■ **Required work**:
If a picture appears among the records, leave it out and set down everything else exactly as it stands.

■ **Input material**:

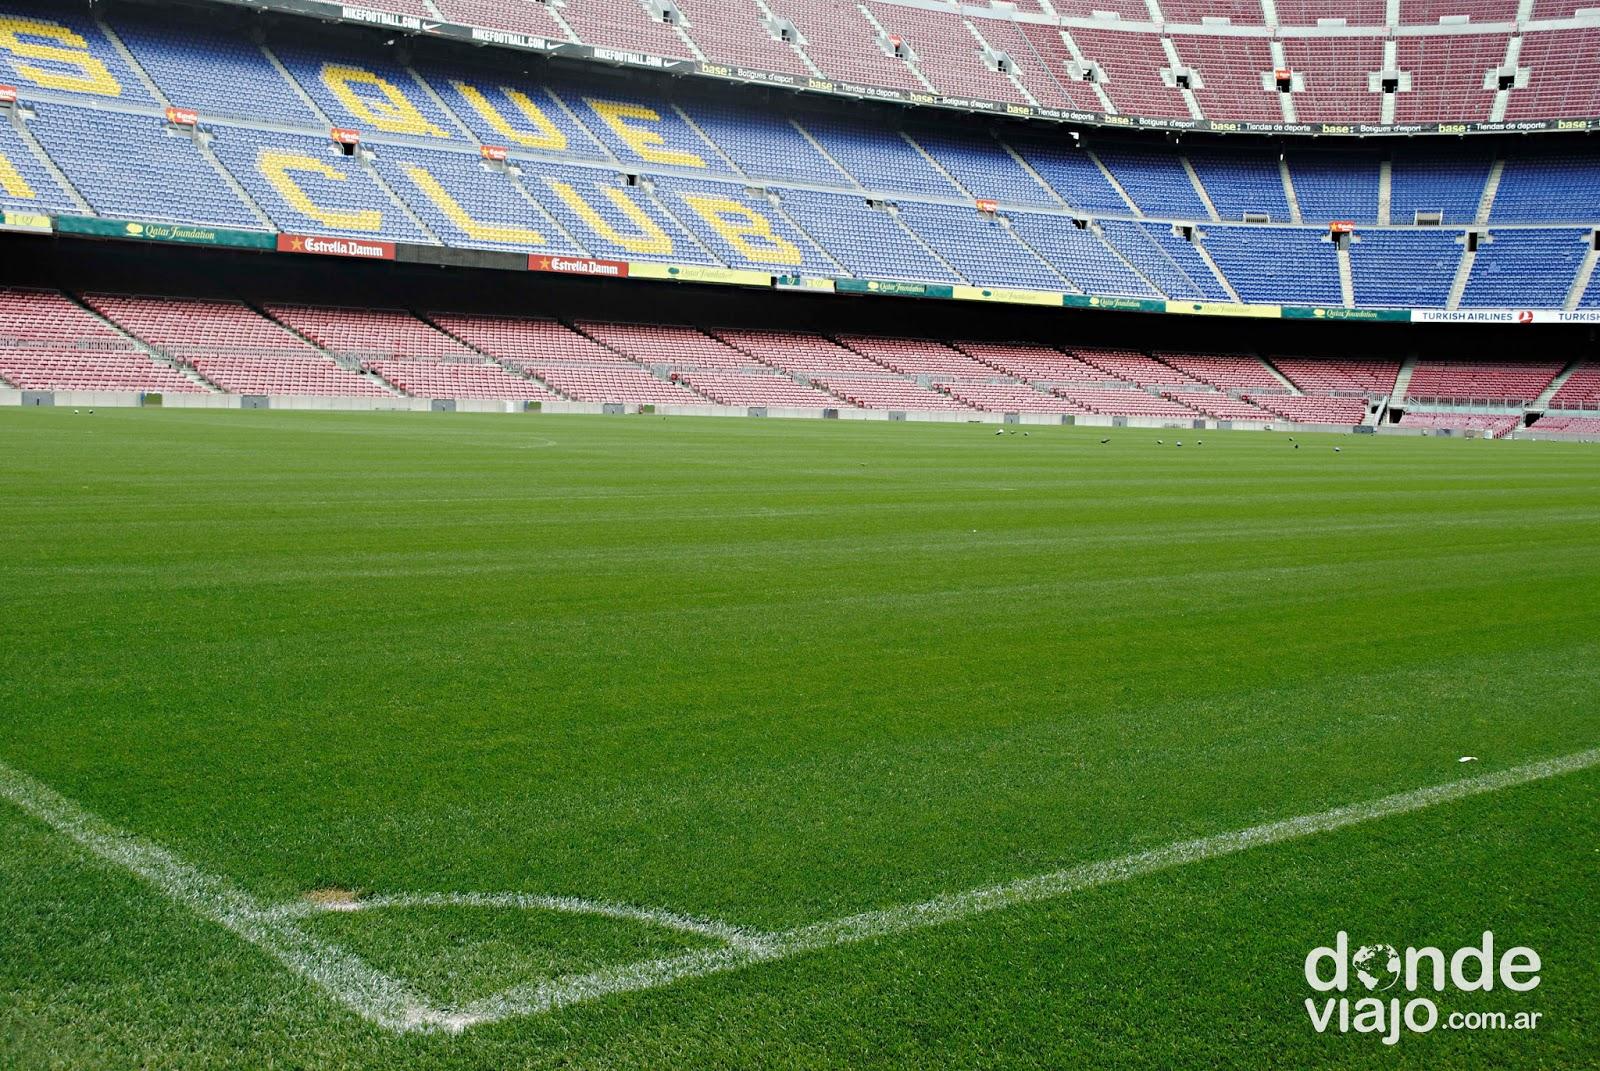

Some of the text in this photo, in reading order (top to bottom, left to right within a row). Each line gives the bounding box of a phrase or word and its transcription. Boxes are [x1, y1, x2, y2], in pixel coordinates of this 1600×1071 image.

[342, 7, 420, 30] NIKEFOOTBALL.COM
[472, 28, 545, 50] NIKEFOOTBALL.COM
[594, 47, 662, 67] NIKEFOOTBALL.COM
[319, 62, 706, 168] QUE
[256, 148, 802, 266] CLUB
[145, 225, 215, 240] Qatar Foundation
[304, 238, 383, 257] Estrella Damm
[551, 257, 618, 275] Estrella Damm
[1422, 312, 1513, 321] TURKISH AIRLINES

■ **Solution to this task**:
Some of the text in this photo, in reading order (top to bottom, left to right within a row). Each line gives the bounding box of a phrase or word and its transcription. Boxes are [x1, y1, x2, y2], in pixel coordinates of this 1600×1071 image.

[342, 7, 420, 30] NIKEFOOTBALL.COM
[472, 28, 545, 50] NIKEFOOTBALL.COM
[594, 47, 662, 67] NIKEFOOTBALL.COM
[319, 62, 706, 168] QUE
[256, 148, 802, 266] CLUB
[145, 225, 215, 240] Qatar Foundation
[304, 238, 383, 257] Estrella Damm
[551, 257, 618, 275] Estrella Damm
[1422, 312, 1513, 321] TURKISH AIRLINES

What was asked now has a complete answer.